The company said this morning that for the three month period ending March 1 it had a loss of $423 million on revenue of $976 million — and that was a 64 per cent plunge in revenue compared to the same period a year ago. It sold 1.3 million smartphones compared to approximately 1.9 million in the previous quarter.
By comparison, it lost $4.4 billion (all numbers in $US) in the previous quarter.
And despite a range of devices using the advanced BlackBerry 10 operating system, the majority of its business is selling handsets running the older BB7 operating system.
During the fourth quarter, approximately 3.4 million BlackBerrys were sold through to end customers, which included shipments made and recognized prior to the fourth quarter. Of those, approximately 2.3 million were BlackBerry 7 devices.
But Chen told financial analysts during a conference call that there’s still a lot of customer demand for BB7 devices, so the company will start a new production run of handsets and will keep making them as long as there’s demand.
For those looking for a new handset on the BB10 platform, a low-cost Z3 is coming, first in Indonesia next month where it will be sold for about US$200 and then to India and Thailand. But the big news is there will be an LTE version — likely costing more — that will be sold in rest of the world. Chen didn’t say, but that model will likely try to compete with lower-priced LTE handsets flooding the market.
And the Q30 –which Chen has named the Classic because it will have a trackball like BB7 devices — will be out likely in November.
Still, Chen said in a statement that the financial numbers were getting bright.
“I am very pleased with our progress and execution in fiscal Q4 against the strategy we laid out three months ago. We have significantly streamlined operations, allowing us to reach our expense reduction target one quarter ahead of schedule,” he said. “BlackBerry is on sounder financial footing today with a path to returning to growth and profitability.”
The company wants to get to positive cash flow by the end of February, 2015 and profitability in 2016.

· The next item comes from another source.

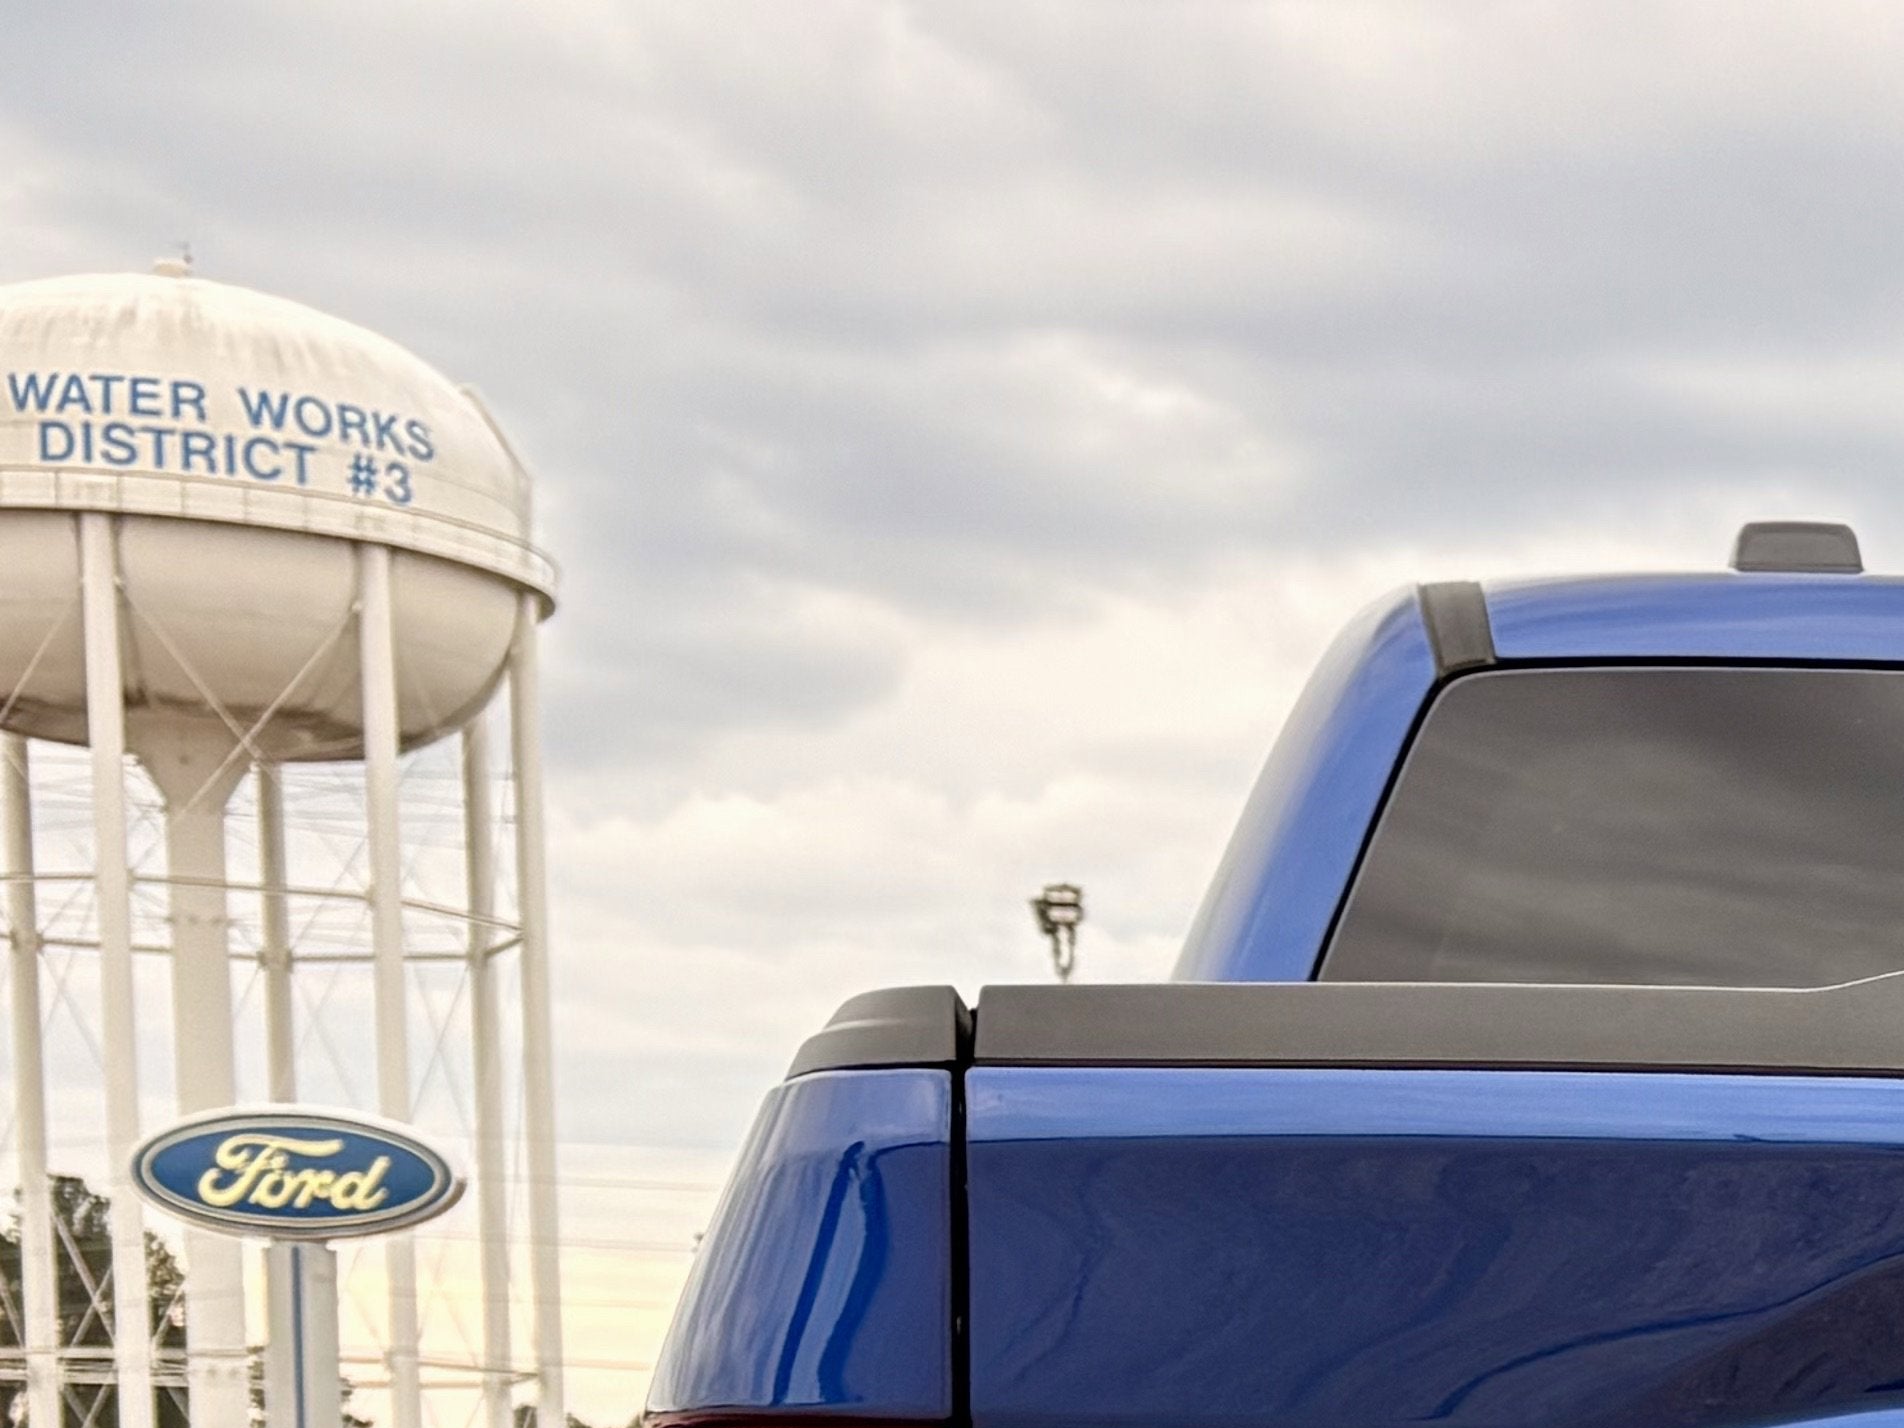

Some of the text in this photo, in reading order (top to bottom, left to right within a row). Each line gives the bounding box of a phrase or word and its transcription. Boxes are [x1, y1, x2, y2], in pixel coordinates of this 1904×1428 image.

[8, 372, 435, 461] WATER WORKS
[39, 421, 412, 506] DISTRICT #3
[198, 1133, 391, 1210] Ford

A look at how far the company has fallen is in the number for the 12 month period ending March 1. Revenue was $6.8 billion, down 38 per cent from $11.1 billion in the previous fiscal year. It lost $5.9 billion during the 12 month fiscal 2014, compared to $628 million for the same period the year before.

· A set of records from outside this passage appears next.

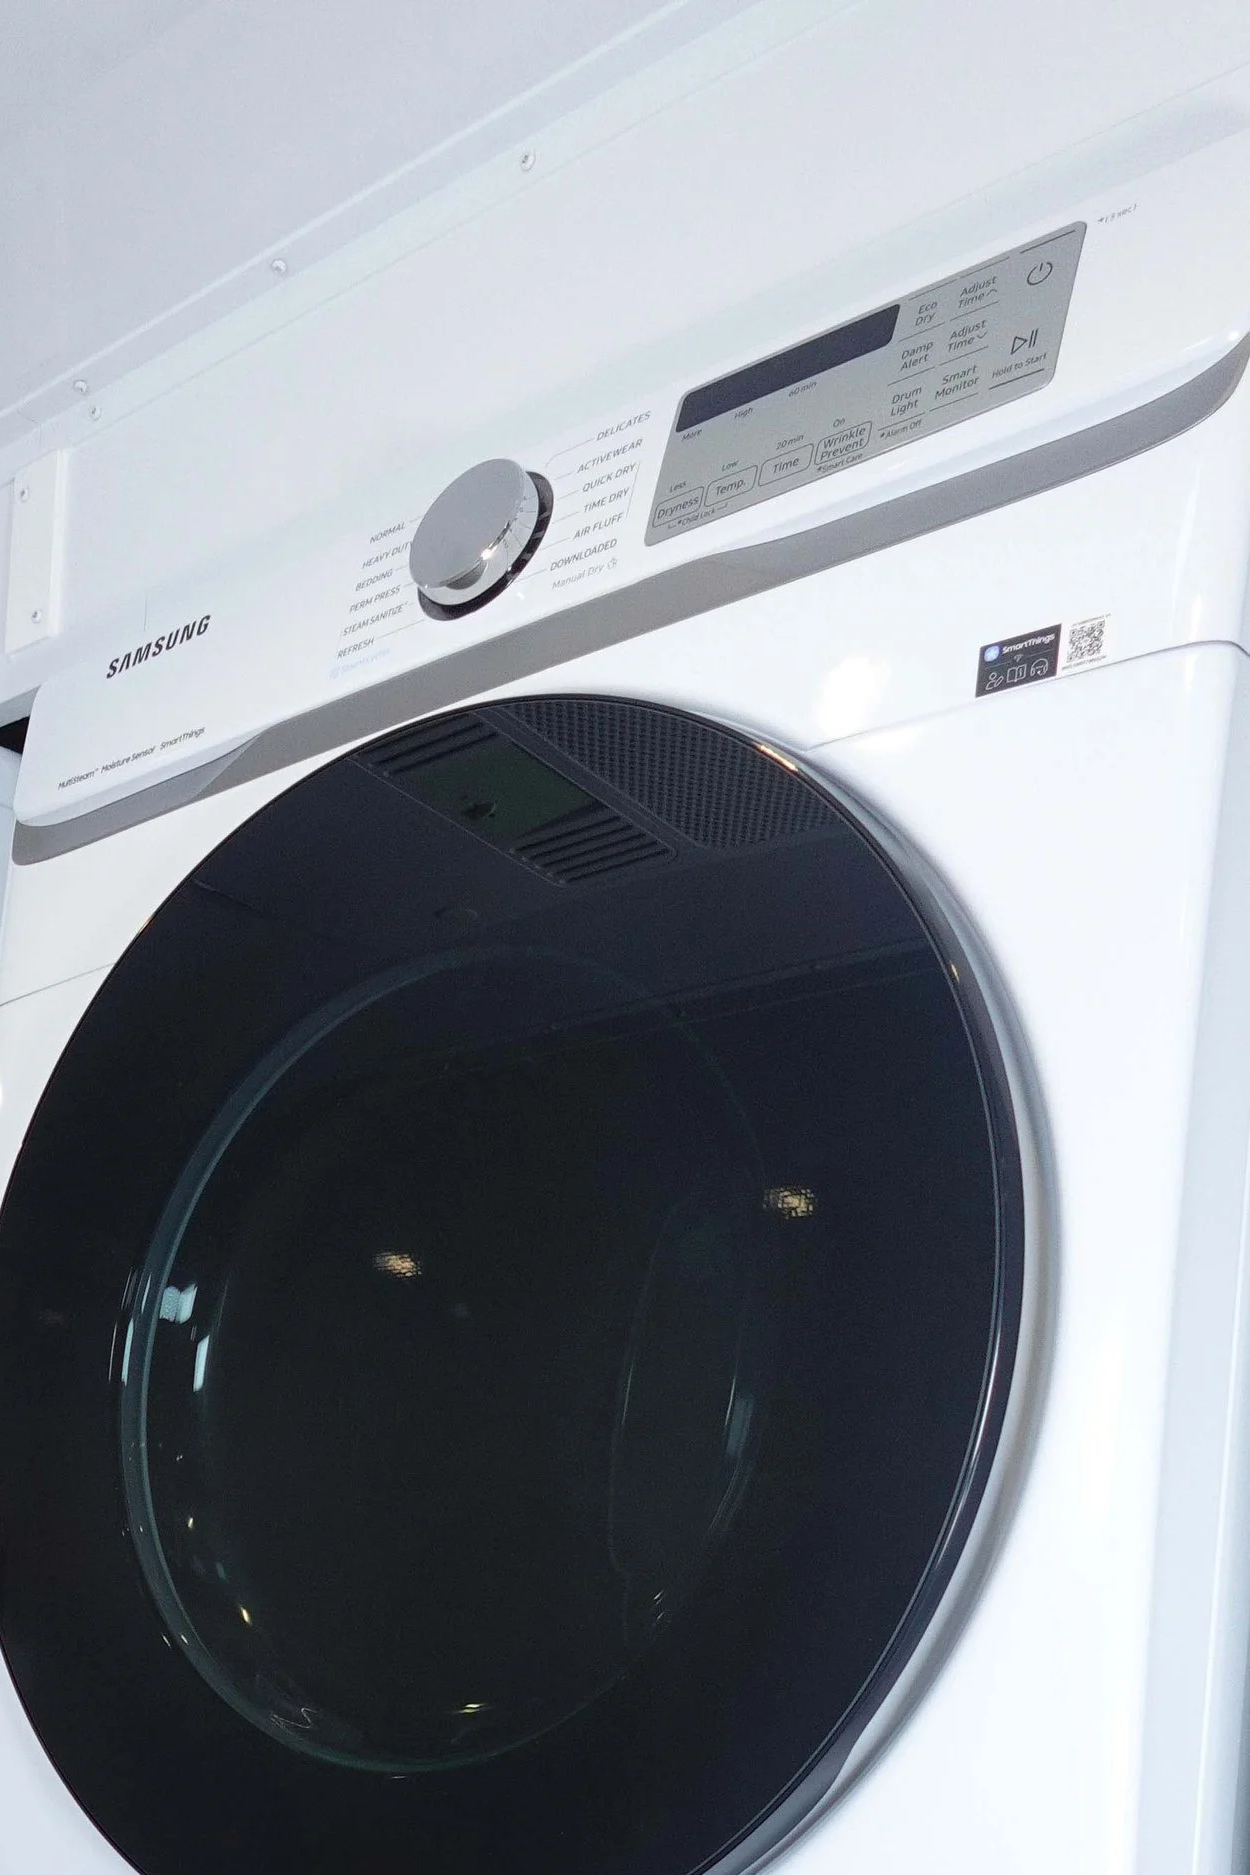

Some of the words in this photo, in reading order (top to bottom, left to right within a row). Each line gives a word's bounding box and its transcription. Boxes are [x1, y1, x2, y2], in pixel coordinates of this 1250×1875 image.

[960, 275, 998, 297] Adjust
[918, 301, 938, 315] Eco
[958, 293, 985, 309] Time
[915, 311, 936, 326] Dry
[949, 319, 987, 340] Adjust
[901, 342, 934, 360] Damp
[948, 336, 975, 352] Time
[900, 353, 929, 371] Alert
[991, 363, 1013, 379] Hold
[1013, 360, 1024, 370] to
[1024, 352, 1048, 366] Start
[941, 364, 978, 386] Smart
[892, 386, 922, 404] Drum
[934, 376, 980, 400] Monitor
[734, 406, 754, 420] High
[890, 398, 919, 417] Light
[596, 410, 652, 441] DELICATES
[833, 417, 846, 428] On
[909, 418, 922, 431] Off
[681, 428, 702, 442] More
[822, 427, 867, 449] Wrinkle
[577, 438, 643, 473] ACTIVEWEAR
[820, 439, 865, 461] Prevent
[845, 453, 863, 465] Care
[721, 460, 739, 472] Low
[772, 457, 800, 474] Time
[582, 473, 613, 493] QUICK
[615, 462, 637, 479] DRY
[669, 480, 687, 493] Less
[715, 478, 747, 496] Temp.
[583, 498, 607, 513] TIME
[608, 487, 631, 502] DRY
[657, 494, 699, 520] Dryness
[700, 508, 715, 520] Lock
[370, 522, 405, 544] NORMAL
[573, 525, 591, 540] AIR
[592, 512, 625, 532] FLUFF
[362, 551, 390, 569] HEAVY
[391, 541, 411, 556] DUT
[550, 538, 618, 572] DOWNLOADED
[355, 568, 393, 591] BEDDING
[551, 569, 586, 590] Manual
[587, 563, 605, 577] Dry
[349, 597, 372, 613] PERM
[374, 585, 401, 601] PRESS
[343, 618, 369, 636] STEAM
[106, 615, 211, 679] SAMSUNG
[337, 637, 375, 659] REFRESH
[1002, 633, 1056, 654] SmartThings
[101, 757, 130, 773] Moisture
[131, 746, 156, 761] Sensor
[160, 727, 205, 750] SmartThings

It had to write off $934 million of inventory from its Z10 smart phone, first introduced exactly a year ago.
One bright spot: The company’s adjusted gross margin on all fourth quarter was 43 per cent of revenue, up from 34 per cent in the previous quarter.
Chen told financial analysts on a conference call that he is “extremely pleased” with the results … “put us on track if not slightly ahead” of profitability plan.
One thing that did stick out in the call is that Chen expects enterprises are putting off buying BlackBerry Enterprise Service 10 (BES10), the device management platform needed to oversee BB10, Android, iOS and Windows Phone devices until the fall when BES12 is released. That version will allow enterprises to consolidate previous versions of BES — needed for BlackBerry 6 and 7 devices — into one platform. Right now organizations have to operate separate BES infrastructures. If enterprises hold off that means less revenue for the company.
In a note to investors Kris Thompson of National Bank Financial noted that not only was Q4 total revenue down 64 per cent over the same period a year ago, that included a 42 per cent drop in services revenue along with device revenue down 77 per cent.
While the company has “great cost control,” the brief headline, it “masks fundamental problem: (handset) shipment deteriorization.”